Windows 3.1 had no native networking support, and Windows 3.11's networking capabilities were cumbersome and relatively slow. As a result, Microsoft felt Novell NetWare's sting. Microsoft intended to avoid repeating these networking mistakes, and it outfitted NT with support for most of the APIs and networking protocols that were in widespread use in the 1980s. Those APIs included NetBIOS, remote procedure call (RPC), file server and redirector (Server Message BlockSMB), mail slots, named pipes, and Berkeley sockets. The protocols included TCP/IP, NetBEUI (Microsoft's LanManager protocol), IPX/SPX (Novell's NetWare protocol), AppleTalk Data Link Control (DLC), and SNA. By including protocols in NT that its competitors owned (i.e., AppleTalk and IPX/SPX), Microsoft opened the door to sites that were dominated by Macintosh or NetWare.
In addition to these high-level requirements, Microsoft included two important low-level operating system capabilities in NT. First, NT's developers designed its security subsystem as a centralized module that can be easily and thoroughly validated. This security configuration earned NT a C2 security rating.
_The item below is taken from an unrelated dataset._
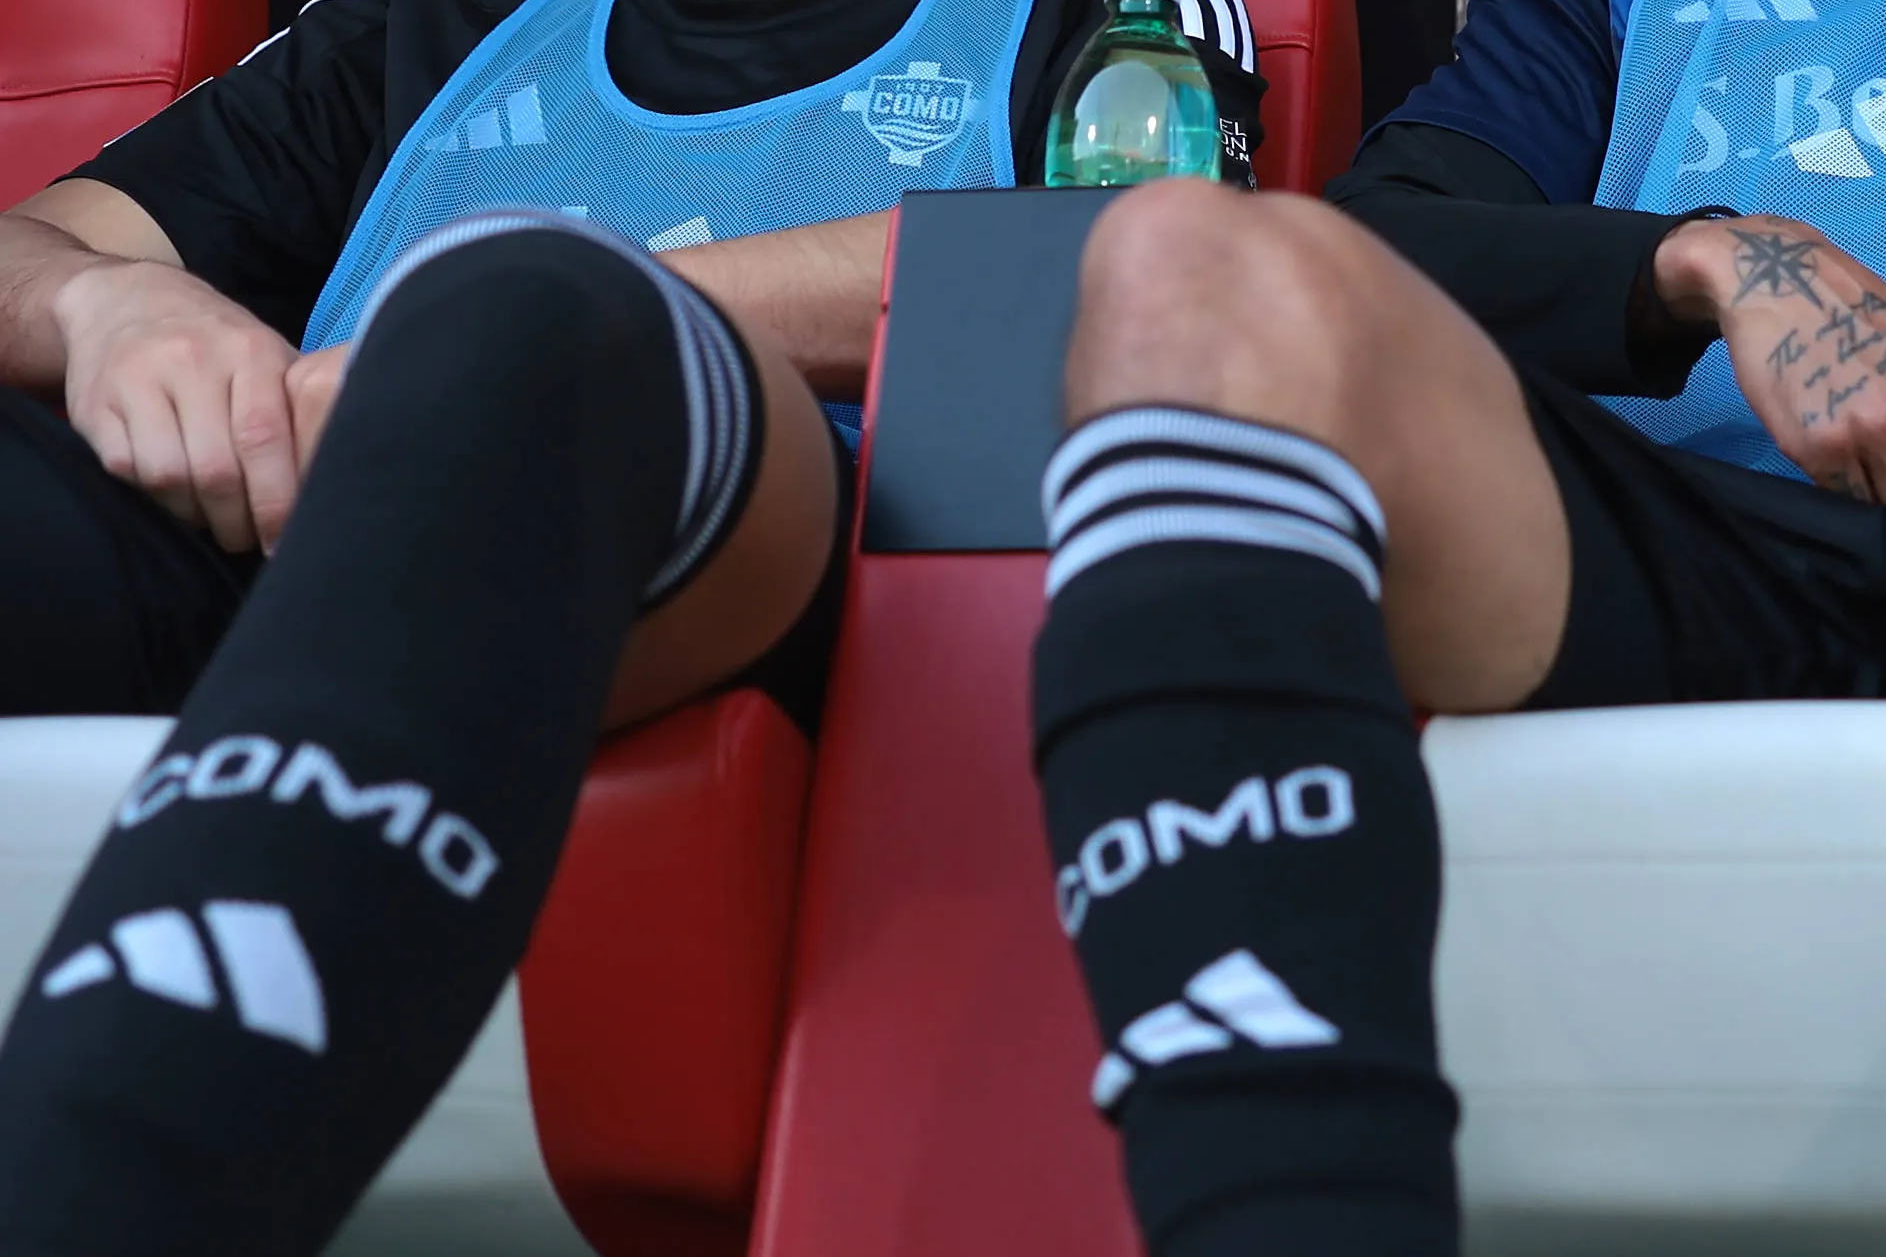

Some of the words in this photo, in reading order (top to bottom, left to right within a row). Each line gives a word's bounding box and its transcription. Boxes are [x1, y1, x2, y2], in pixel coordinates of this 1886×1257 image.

[873, 91, 960, 121] COMO
[115, 734, 500, 900] COMO
[1056, 763, 1357, 939] COMO
Second, its developers gave NT a multitasking preemptive-scheduling system. Neither DOS nor Windows 3.x is capable of true multitasking with preemptive scheduling. Without add-on software, DOS can execute only one program, or task, at a time. Windows 3.x can execute several programs concurrently, but they must be well-behaved; that is, each program must be aware that other programs may need to run, and it must therefore yield the machine at regular intervals. This design means that a buggy or malicious program can halt the computer simply by entering an infinite loop in which it never yields. In NT, a centralized scheduling authority doles out CPU time to programs that need it. Once a program's turn has ended, the scheduler has the power to preempt it and give another program a turn.
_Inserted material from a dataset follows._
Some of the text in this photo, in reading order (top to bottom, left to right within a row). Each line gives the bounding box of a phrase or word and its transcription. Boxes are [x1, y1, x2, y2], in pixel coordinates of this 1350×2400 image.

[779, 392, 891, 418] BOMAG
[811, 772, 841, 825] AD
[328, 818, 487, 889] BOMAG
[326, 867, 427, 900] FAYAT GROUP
Microsoft wanted NT to incorporate one final major feature: It had to be truly 32-bit and provide protected address spaces, à la UNIX. DOS and Windows 3.x are 16-bit operating systems. Programs running on them cannot easily access large amounts of memory. Using 32-bit addressing enables programs on NT to access 4GB (232 bytes) of memory efficiently. (A 64-bit version of NT is due for release within 2 years, and it will let programs address even larger amounts of memory efficiently.)
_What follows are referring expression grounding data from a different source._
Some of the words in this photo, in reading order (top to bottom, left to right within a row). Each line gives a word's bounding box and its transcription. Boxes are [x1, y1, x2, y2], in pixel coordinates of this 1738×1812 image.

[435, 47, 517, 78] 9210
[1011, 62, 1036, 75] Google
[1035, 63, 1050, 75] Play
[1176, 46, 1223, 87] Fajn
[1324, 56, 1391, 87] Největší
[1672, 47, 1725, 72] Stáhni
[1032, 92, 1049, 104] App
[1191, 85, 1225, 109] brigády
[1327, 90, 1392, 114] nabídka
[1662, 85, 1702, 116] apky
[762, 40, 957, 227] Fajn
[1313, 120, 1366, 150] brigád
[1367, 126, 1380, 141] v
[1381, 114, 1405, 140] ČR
NT's developers ensured 32-bit system reliability by including protected address spaces in NT. Every program in Windows 3.x has a region of memory assigned to it. However, any program can scribble on the memory regions that belong to any other program--a program can even scribble on memory regions reserved for Windows, with disastrous effects. But with the protected address spaces in NT, all programs are confined to their memory regions and have no access (unless by permission) to the memory spaces of other applications. NT also prevents applications from accessing parts of memory owned by the Executive and by kernel-mode portions of the operating system, including device drivers.